An Iraqi volunteer holds a picture of Lebanon's Hezbollah leader Hassan Nasrallah, who has been killed, in Basra, Iraq, on September 27, 2024. (Reuters)
An Iraqi volunteer holds a picture of Lebanon's Hezbollah leader Hassan Nasrallah, who has been killed, in Basra, Iraq, on September 27, 2024. (Reuters)

World leaders warned of potential repercussions on Saturday after Lebanese armed group Hezbollah announced its longtime leader Hassan Nasrallah was killed in an Israeli air strike on a suburb of Beirut.

The killing of the Iran-backed group's chief has intensified fears of all-out war in the Middle East.

US President Joe Biden welcomed "a measure of justice".

- Iran -

First Vice President Mohammad Reza Aref warned Israel that Nasrallah's death would "bring about their destruction", Iran's ISNA news agency quoted him as saying.

The foreign ministry of Iran, which finances and arms Hezbollah, said Nasrallah's work will continue after his death. "His sacred goal will be realized in the liberation of Quds (Jerusalem), God willing," spokesman Nasser Kanani posted on X.

Supreme leader Ali Khamenei announced five days of public mourning.

- United States -

Biden said Nasrallah's death was "a measure of justice for his many victims, including thousands of Americans, Israelis and Lebanese civilians".

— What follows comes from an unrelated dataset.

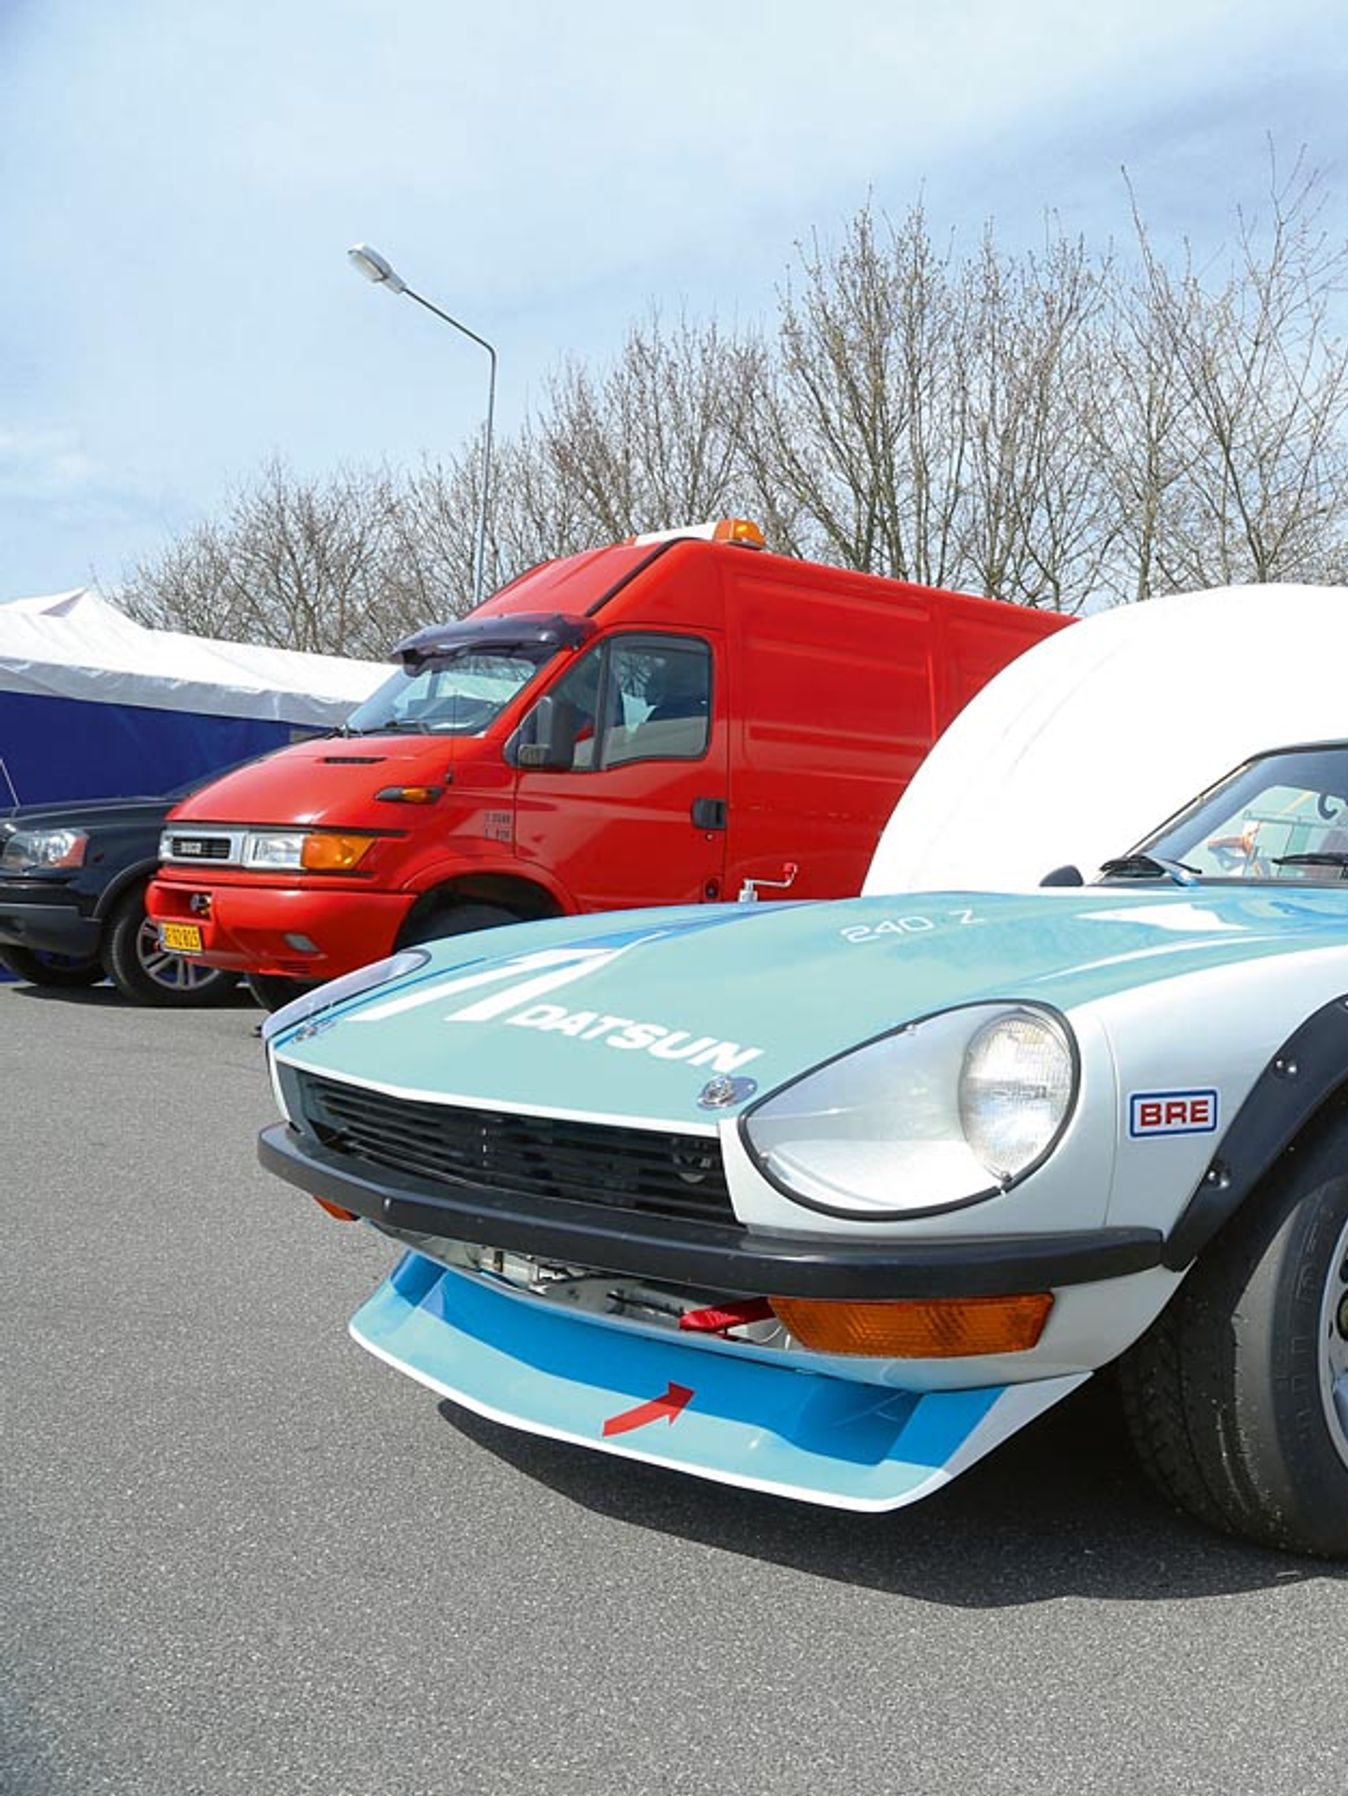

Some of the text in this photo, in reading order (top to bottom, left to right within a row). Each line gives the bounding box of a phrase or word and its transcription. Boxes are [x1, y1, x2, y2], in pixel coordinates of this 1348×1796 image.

Washington supports Israel's right to defend itself against "Iranian-supported terrorist groups" and the "defense posture" of US forces in the region would be "further enhanced", Biden added in a statement.

Vice President Kamala Harris said Nasrallah was "a terrorist with American blood on his hands" and said she would "always support Israel´s right to defend itself against Iran and Iran-backed terrorist groups such as Hezbollah, Hamas, and the Houthis."

Leading Republicans in the House of Representatives also welcomed the end of a "reign of bloodshed, oppression, and terror" by "one of the most brutal terrorists on the planet".

- Russia -

Russia's foreign ministry said "we decisively condemn the latest political murder carried out by Israel" and urged it to "immediately cease military action" in Lebanon.

Israel would "bear full responsibility" for the "tragic" consequences the killing could bring to the region, the ministry added in a statement.

- Germany -

Foreign Minister Annalena Baerbock told ARD television that the killing "threatens destabilization for the whole of Lebanon", which "is in no way in Israel's security interest".

- Canada -

Canadian Prime Minister Justin Trudeau described Nasrallah as "the leader of a terrorist organization that attacked and killed innocent civilians, causing immense suffering across the region".

But he called for more to be done to protect civilians in the conflict, adding: "We urge calm and restraint during this critical time."

- Britain -

Foreign Secretary David Lammy said in a post on X that he had spoken with the Lebanese premier.

"We agreed on the need for an immediate ceasefire to bring an end to the bloodshed. A diplomatic solution is the only way to restore security and stability for the Lebanese and Israeli people," he said.

- France -

French Foreign Minister Jean-Noel Barrot demanded Israel "immediately stop its strikes in Lebanon" and said it was opposed to any ground operation in the country.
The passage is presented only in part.